SUPPLIED RECORDS:
*** Begin section ***
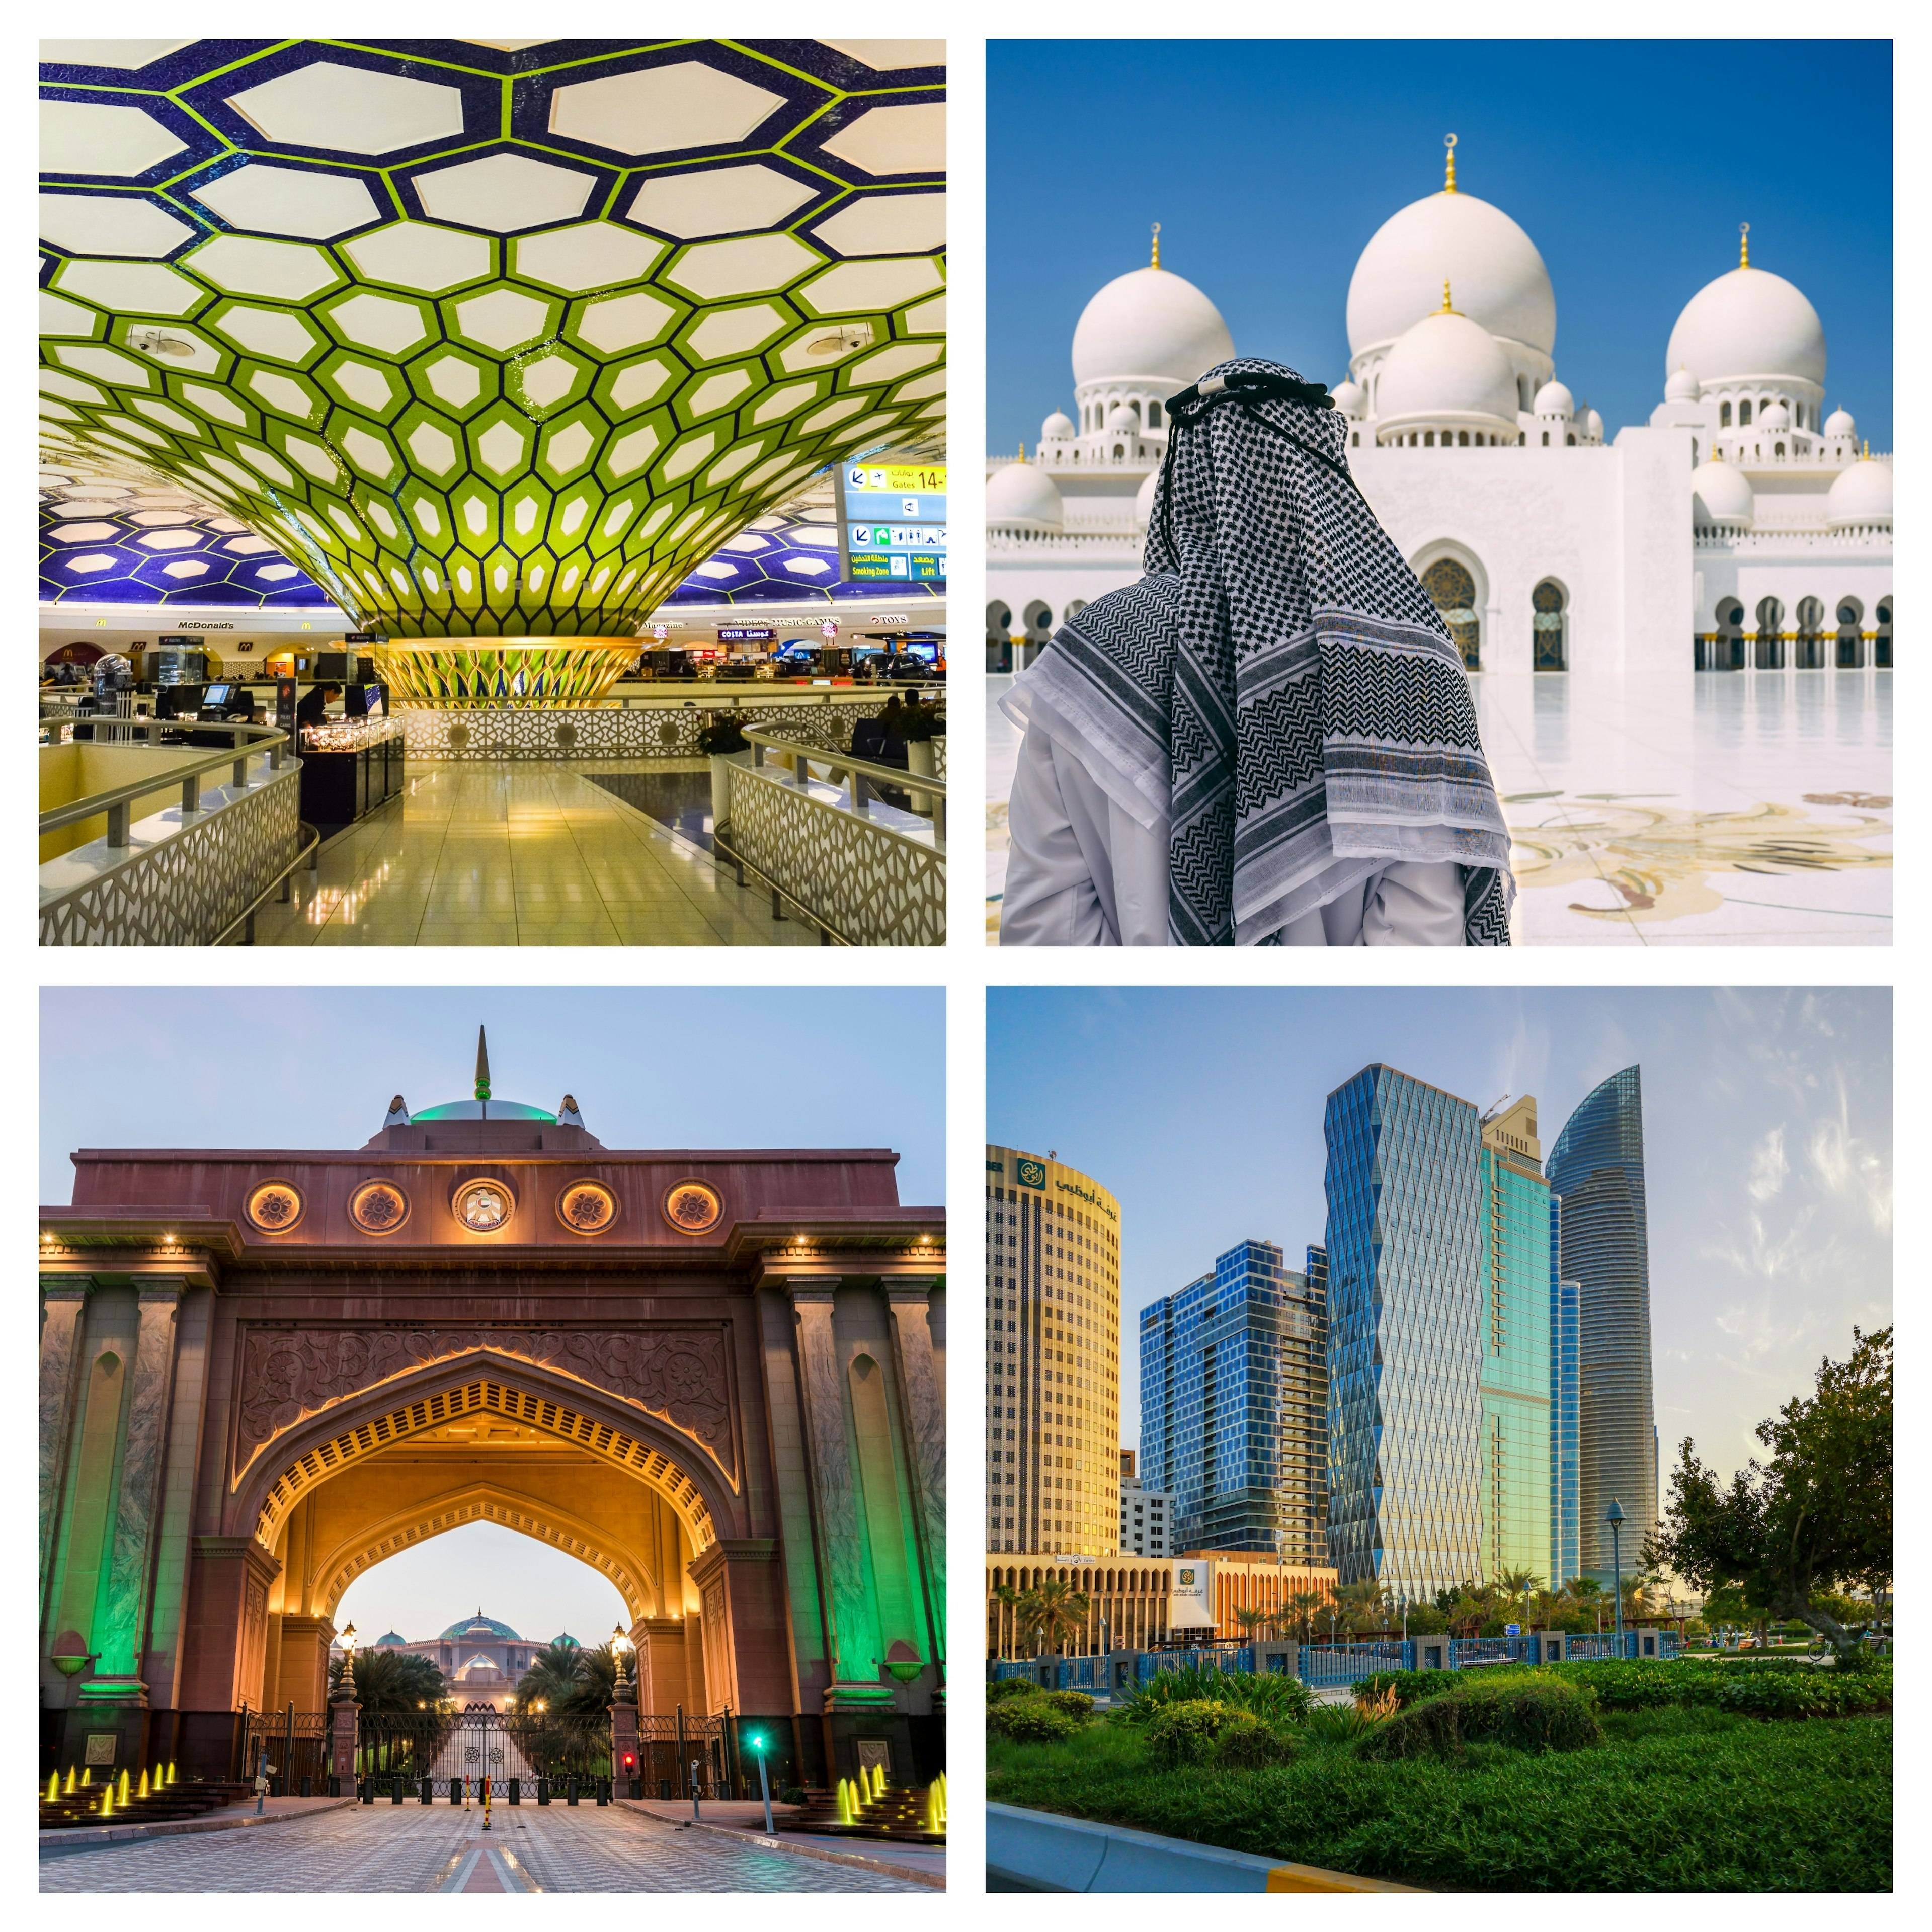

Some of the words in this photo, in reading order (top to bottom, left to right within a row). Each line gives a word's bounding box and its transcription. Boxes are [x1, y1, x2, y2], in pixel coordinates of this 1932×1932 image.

[892, 470, 913, 478] بوابات
[919, 472, 946, 489] 14-
[853, 567, 875, 577] Smoking
[876, 567, 889, 575] Zone
[922, 567, 935, 576] Lift
[880, 616, 907, 624] TOYS
*** End section ***
PROBLEM DETAILS: Pictures do not go in the copy; print every entry exactly as it stands.

EXPECTED OUTPUT:
Some of the words in this photo, in reading order (top to bottom, left to right within a row). Each line gives a word's bounding box and its transcription. Boxes are [x1, y1, x2, y2], in pixel coordinates of this 1932×1932 image.

[892, 470, 913, 478] بوابات
[919, 472, 946, 489] 14-
[853, 567, 875, 577] Smoking
[876, 567, 889, 575] Zone
[922, 567, 935, 576] Lift
[880, 616, 907, 624] TOYS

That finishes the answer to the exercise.